1 | ACT I, SCENE I

Start from the beginning
                                    

I'd had countless surgeries, countless visits to heart doctors, countless prayers to god. Yet every time I was operated on, the gap had widened further, and my hope had grown weaker. And they knew it, I knew it, that when it finally burst open for once and for all, I would die.

I was a ticking time bomb.

A fine sheen of sweat covered Sophia's brow as she turned her soft eyes to me, then dropped them to the floor, very defiantly taking care not to look at my face.

"The reports?" I echoed, trying to not let my voice falter. I was used to this, after all. This hopelessness and misery. I lived in it, after all. "Sophia?"

It doesn't matter who you are, or where you come from. In the end, death comes for us all.

It never truly matters who you are.

Who I was to the world didn't matter to death.

I was the sole head of Witlock - the largest code breaking organisation in America. An organisation founded by me.

Orphaned since I was old enough to speak, I had no living relatives to talk of. My math professor, however, noticed my love for academia and numbers. It had resulted in him taking me under his wing, honing my skills, paying for endless hours of elite classes and extensive courses.

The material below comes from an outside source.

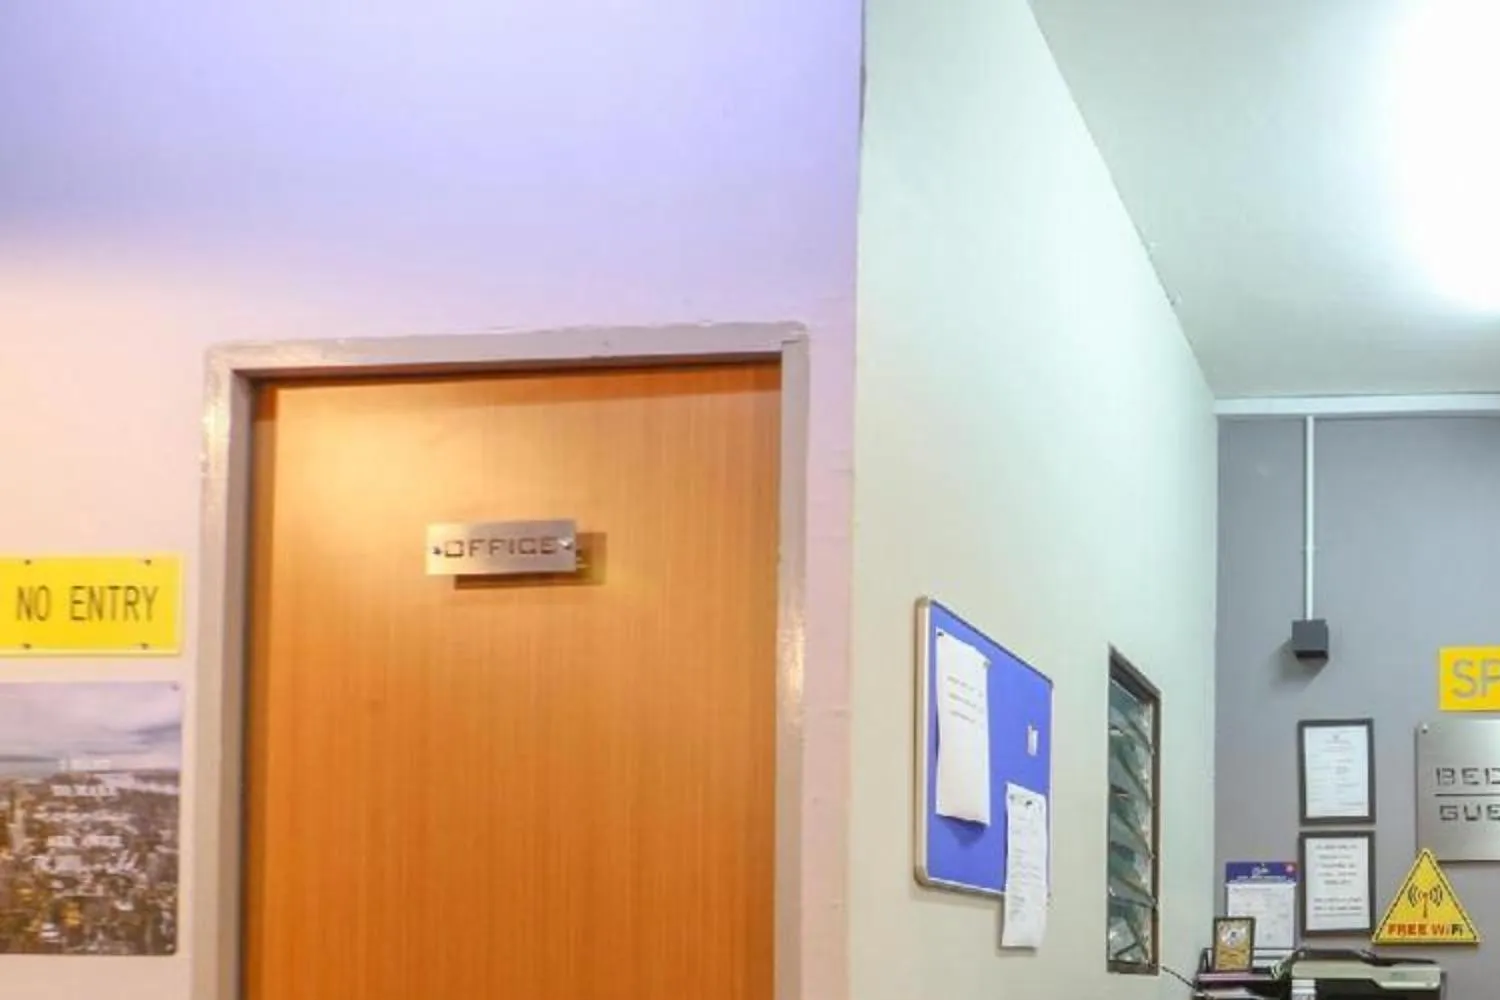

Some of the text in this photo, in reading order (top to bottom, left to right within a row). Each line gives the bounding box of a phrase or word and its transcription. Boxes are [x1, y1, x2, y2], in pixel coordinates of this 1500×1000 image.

[444, 536, 558, 558] OFFICE
[17, 584, 160, 622] NO ENTRY
[1388, 923, 1427, 936] FREE

Some good people still existed in this world. Thanks to him, my faith in humanity still existed.

And now, ten years later, I led the largest secret organization in America, my own clandestine intelligence agency.

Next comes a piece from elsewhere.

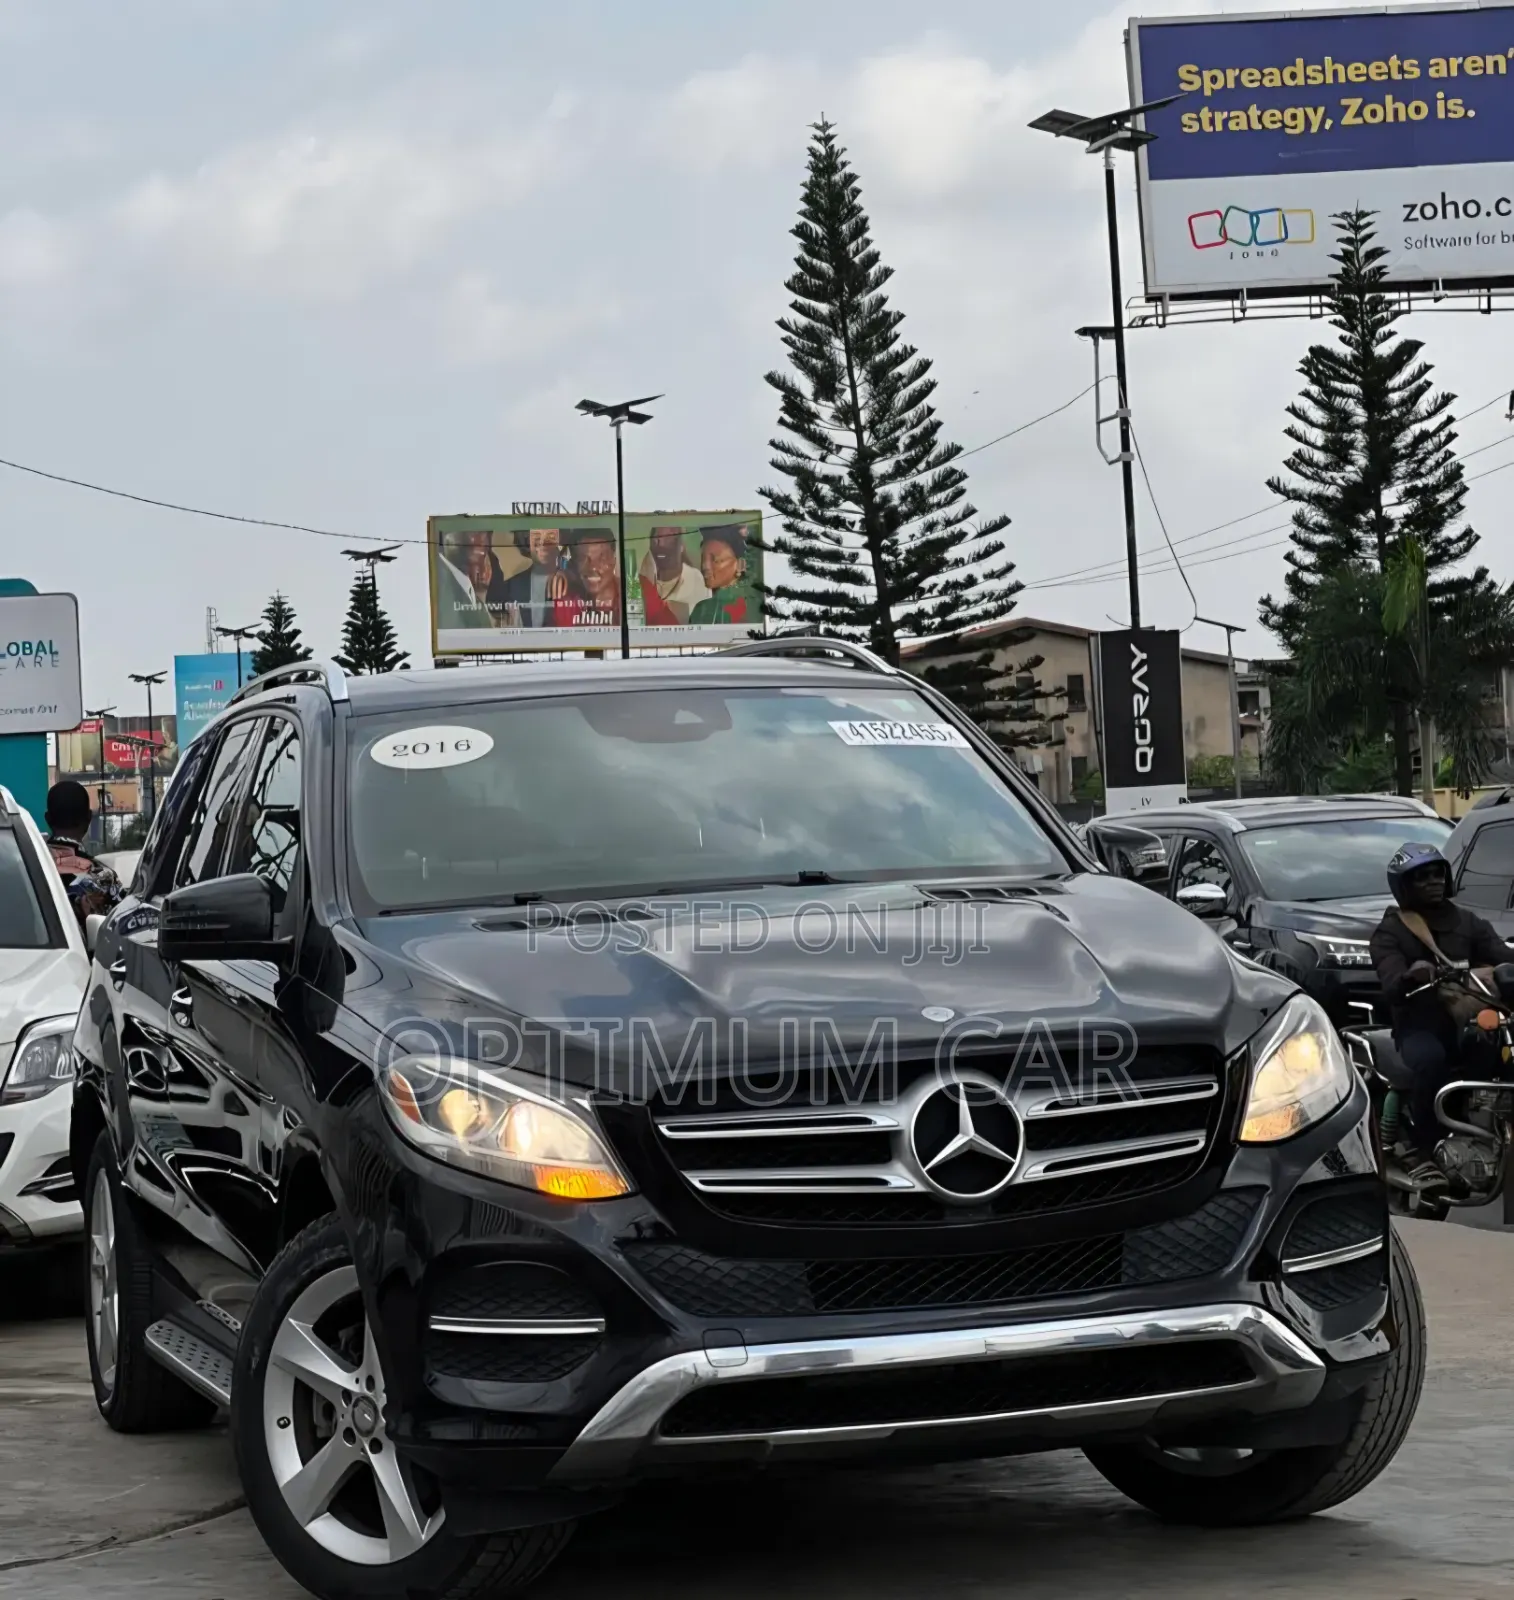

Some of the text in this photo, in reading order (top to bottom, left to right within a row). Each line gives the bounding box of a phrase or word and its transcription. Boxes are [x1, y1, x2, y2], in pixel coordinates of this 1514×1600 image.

It was ironic how I had everything one could ask for. I indulged in charity to my heart's content by day, broke codes for the U.S. agencies for a living by night. We descended on the brightest minds every year, offering obscene salaries for their services.

I lived on One Fifth Avenue, the world's second richest street. The penthouse I called my home cost more than fifteen million, my bank accounts over the world were bloated with billions of dollars. I was listed at number thirty in the world's top richest people, with a net worth of more than twenty billion. People knew me by my face, owing to that intricate, complex brain in my head that worked so tirelessly and brilliantly.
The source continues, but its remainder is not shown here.